(Beginning of MATERIAL FOR THIS TASK)

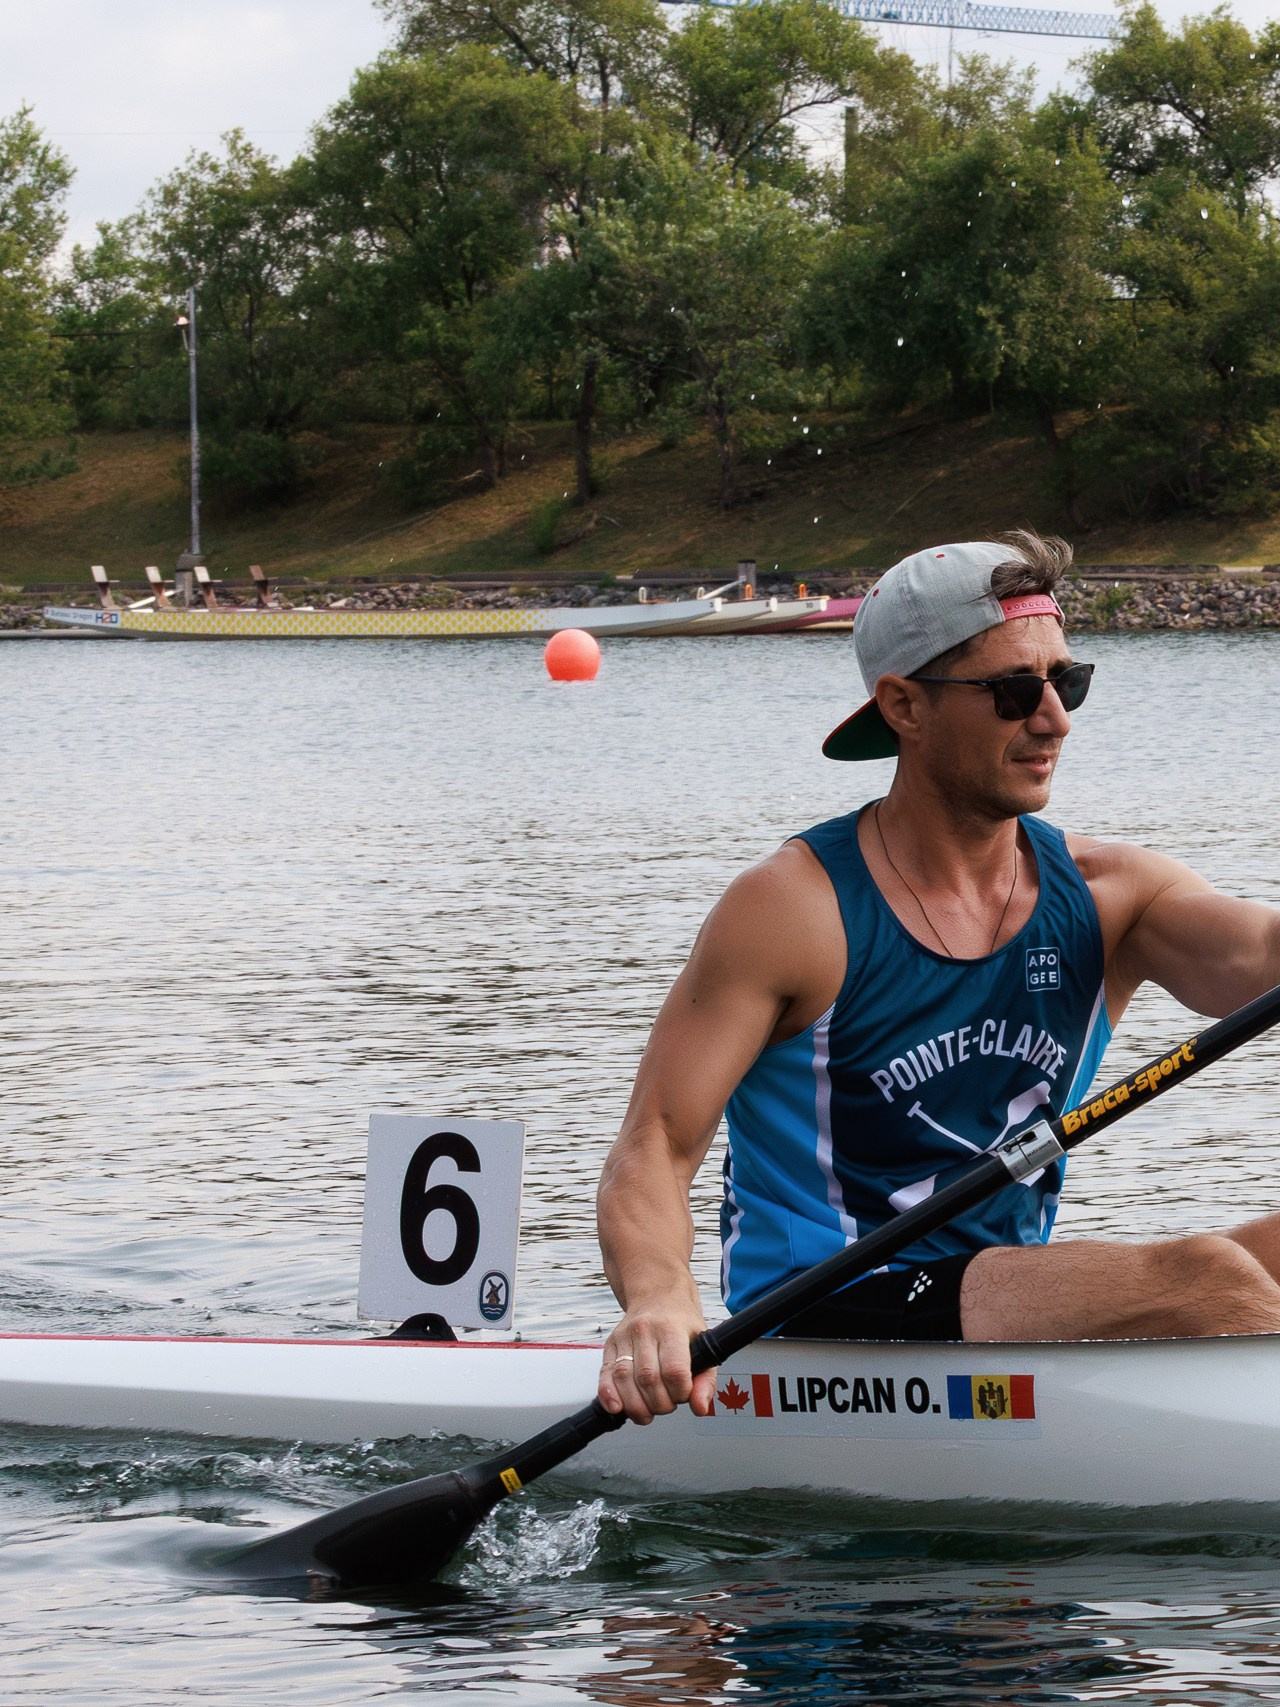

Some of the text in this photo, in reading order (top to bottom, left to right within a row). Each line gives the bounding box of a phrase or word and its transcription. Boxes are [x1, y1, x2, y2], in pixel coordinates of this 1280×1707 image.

[1029, 954, 1057, 967] APO
[1030, 972, 1057, 985] GEE
[870, 1019, 1067, 1103] POINTE-CLAIRE
[400, 1132, 481, 1286] 6
[778, 1376, 942, 1414] LIPCAN O.
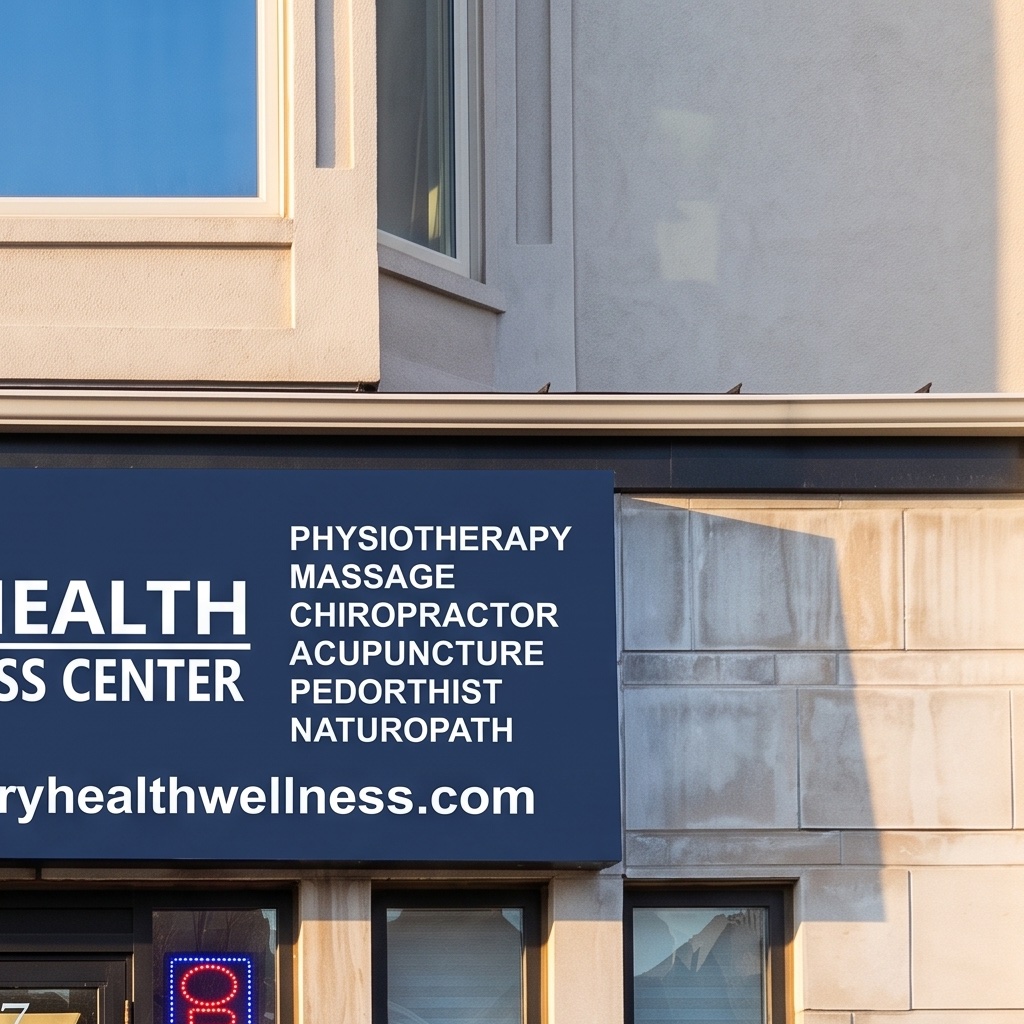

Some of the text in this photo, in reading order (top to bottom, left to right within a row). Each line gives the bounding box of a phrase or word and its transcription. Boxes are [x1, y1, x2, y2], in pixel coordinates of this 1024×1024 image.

[290, 525, 572, 551] PHYSIOTHERAPY
[290, 563, 455, 590] MASSAGE
[290, 601, 559, 628] CHIROPRACTOR
[289, 640, 544, 666] ACUPUNCTURE
[62, 658, 245, 702] CENTER
[291, 678, 503, 705] PEDORTHIST
[291, 716, 513, 743] NATUROPATH
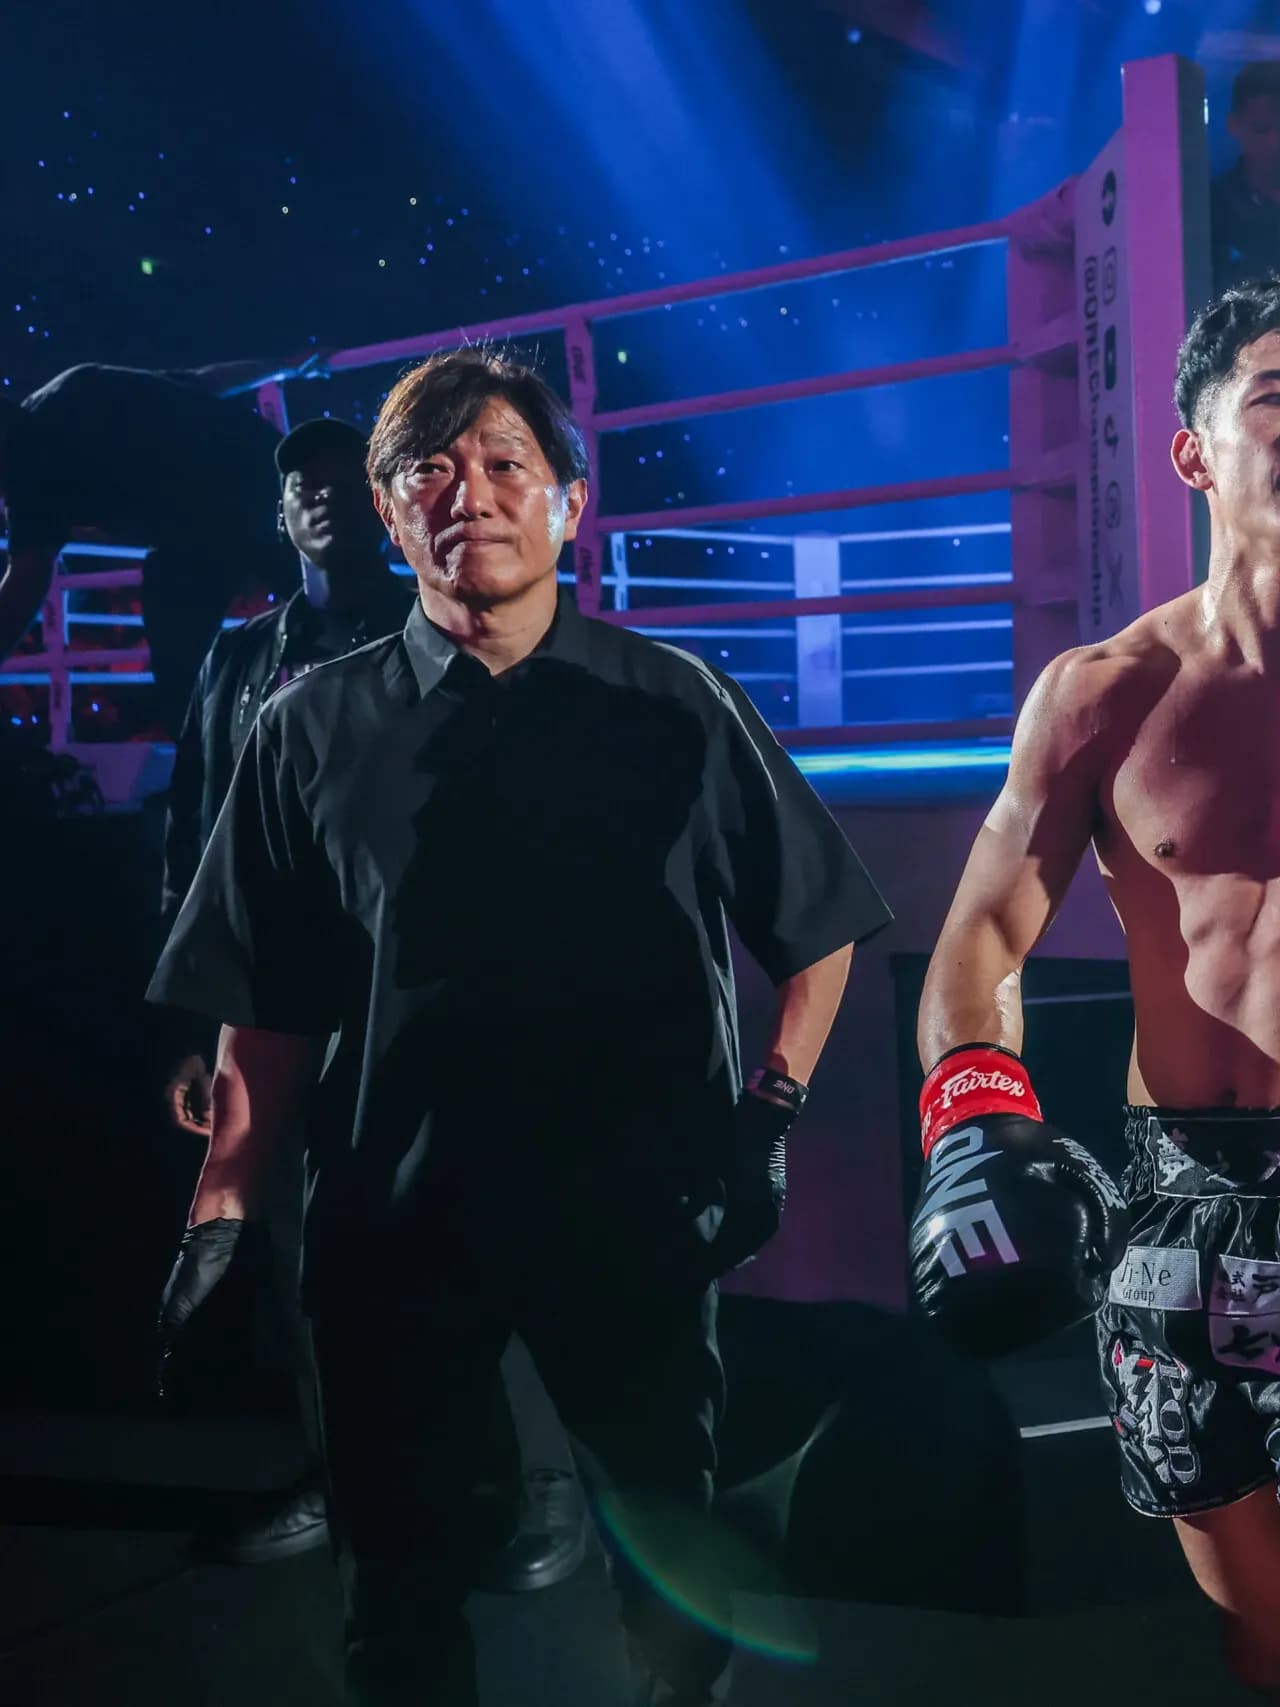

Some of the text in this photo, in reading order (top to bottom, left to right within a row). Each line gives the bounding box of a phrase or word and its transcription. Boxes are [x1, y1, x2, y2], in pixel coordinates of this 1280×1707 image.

[772, 1079, 796, 1095] ONE
[940, 1065, 1026, 1110] Fairtex
[912, 1125, 1021, 1279] ONE
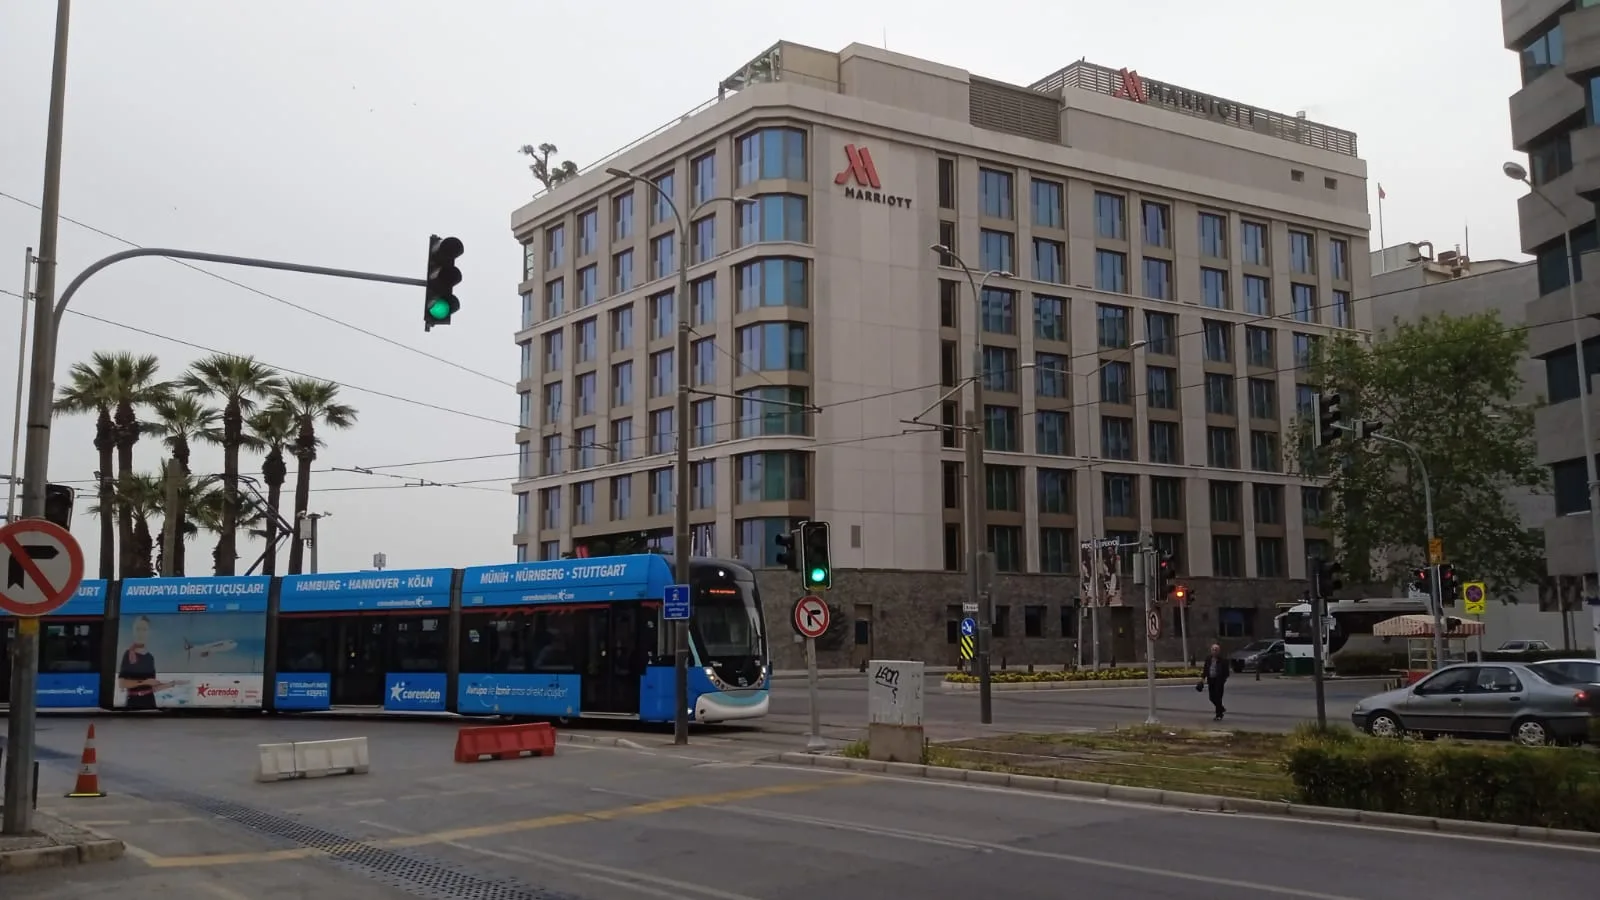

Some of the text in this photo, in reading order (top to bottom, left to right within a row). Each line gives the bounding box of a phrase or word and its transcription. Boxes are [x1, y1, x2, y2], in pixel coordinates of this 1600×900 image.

[845, 187, 912, 209] MARRIOTT
[515, 567, 564, 582] NÜRNBERG
[572, 563, 627, 579] STUTTGART
[126, 582, 264, 596] AVRUPA'YA DİREKT UÇUŞLAR!
[296, 574, 434, 591] HAMBURG HANNOVER KÖLN
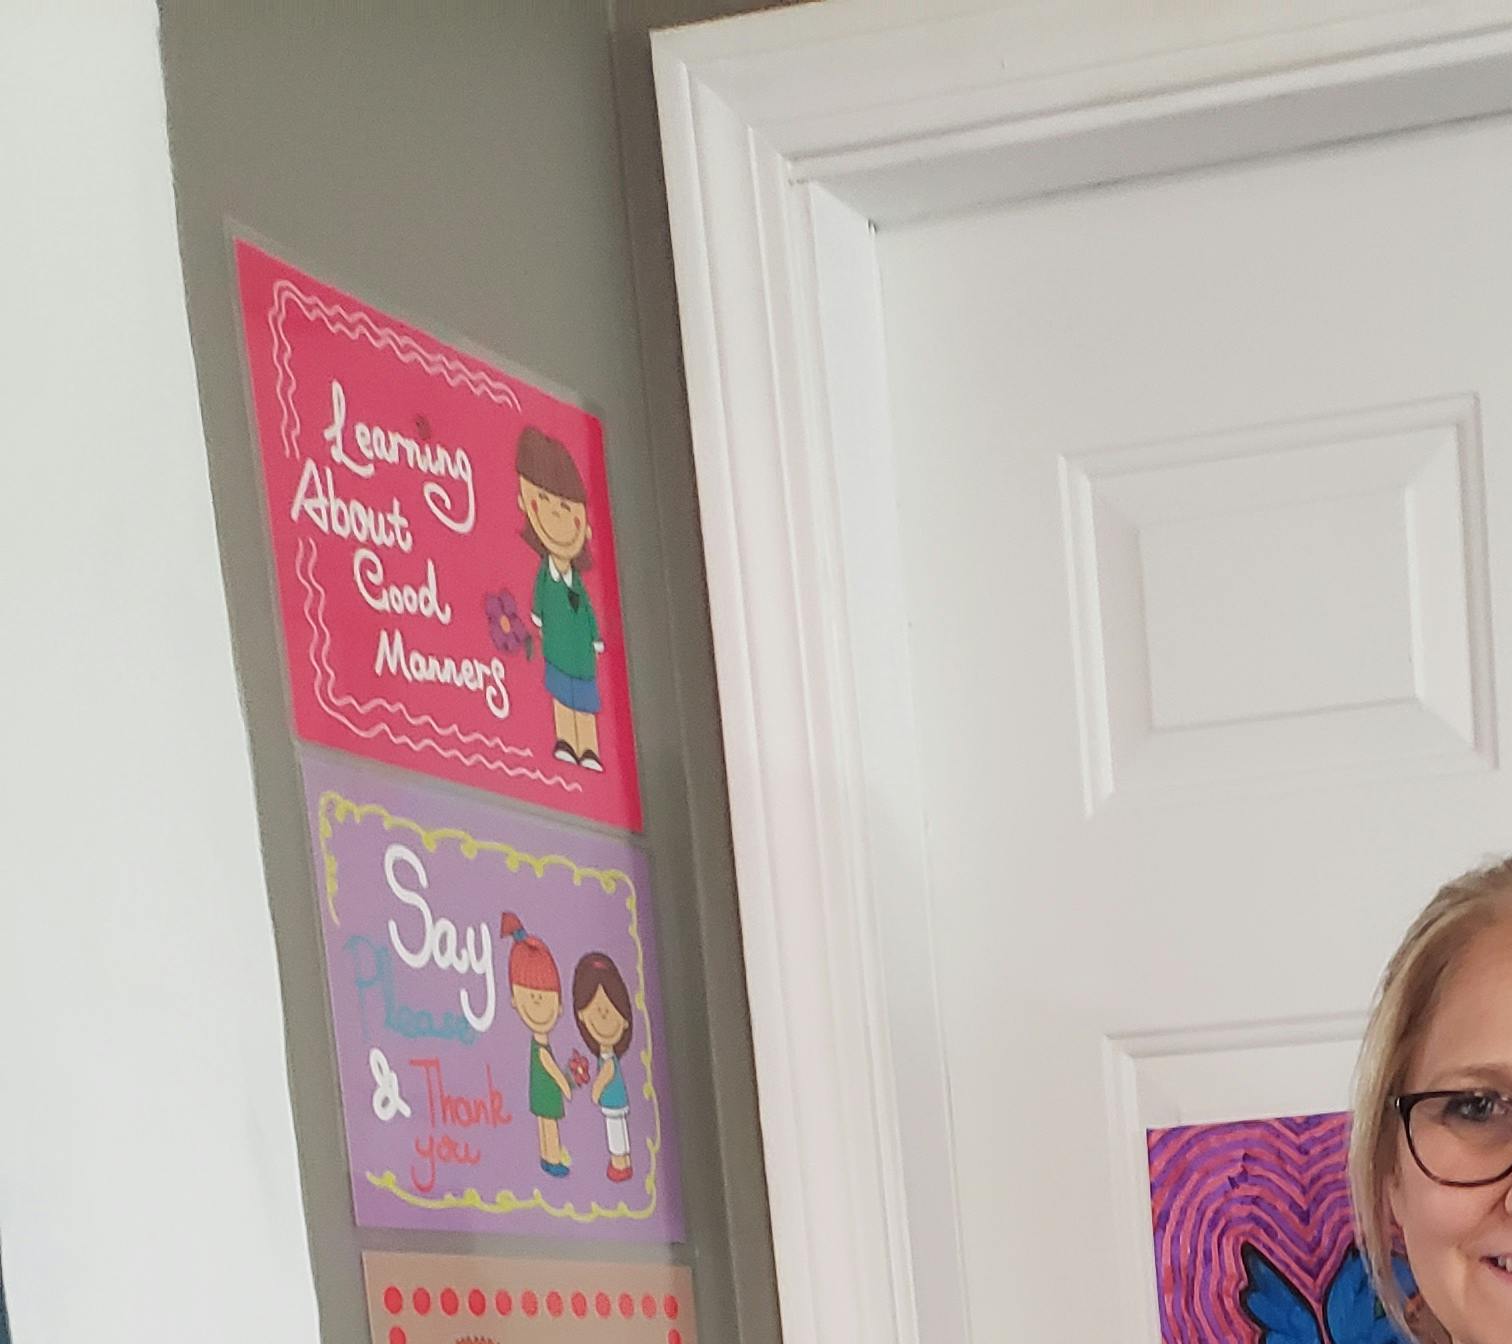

(End of MATERIAL FOR THIS TASK)

ABOUT THIS EXERCISE: Copy every line of the records exactly as it is written, but not the pictures.

COMPLETED EXERCISE:
Some of the text in this photo, in reading order (top to bottom, left to right within a row). Each line gives the bounding box of a phrase or word and its transcription. Boxes are [x1, y1, x2, y2], in pixel coordinates of this 1280×1707 image.

[1029, 954, 1057, 967] APO
[1030, 972, 1057, 985] GEE
[870, 1019, 1067, 1103] POINTE-CLAIRE
[400, 1132, 481, 1286] 6
[778, 1376, 942, 1414] LIPCAN O.

Some of the text in this photo, in reading order (top to bottom, left to right within a row). Each line gives the bounding box of a phrase or word and its transcription. Boxes are [x1, y1, x2, y2], in pixel coordinates of this 1024×1024 image.

[290, 525, 572, 551] PHYSIOTHERAPY
[290, 563, 455, 590] MASSAGE
[290, 601, 559, 628] CHIROPRACTOR
[289, 640, 544, 666] ACUPUNCTURE
[62, 658, 245, 702] CENTER
[291, 678, 503, 705] PEDORTHIST
[291, 716, 513, 743] NATUROPATH

Some of the text in this photo, in reading order (top to bottom, left to right within a row). Each line gives the bounding box of a phrase or word and its transcription. Boxes are [x1, y1, x2, y2], in pixel coordinates of this 1280×1707 image.

[772, 1079, 796, 1095] ONE
[940, 1065, 1026, 1110] Fairtex
[912, 1125, 1021, 1279] ONE

Some of the text in this photo, in reading order (top to bottom, left to right within a row). Each line gives the bounding box of a phrase or word and its transcription. Boxes are [x1, y1, x2, y2], in pixel coordinates of this 1600×900 image.

[845, 187, 912, 209] MARRIOTT
[515, 567, 564, 582] NÜRNBERG
[572, 563, 627, 579] STUTTGART
[126, 582, 264, 596] AVRUPA'YA DİREKT UÇUŞLAR!
[296, 574, 434, 591] HAMBURG HANNOVER KÖLN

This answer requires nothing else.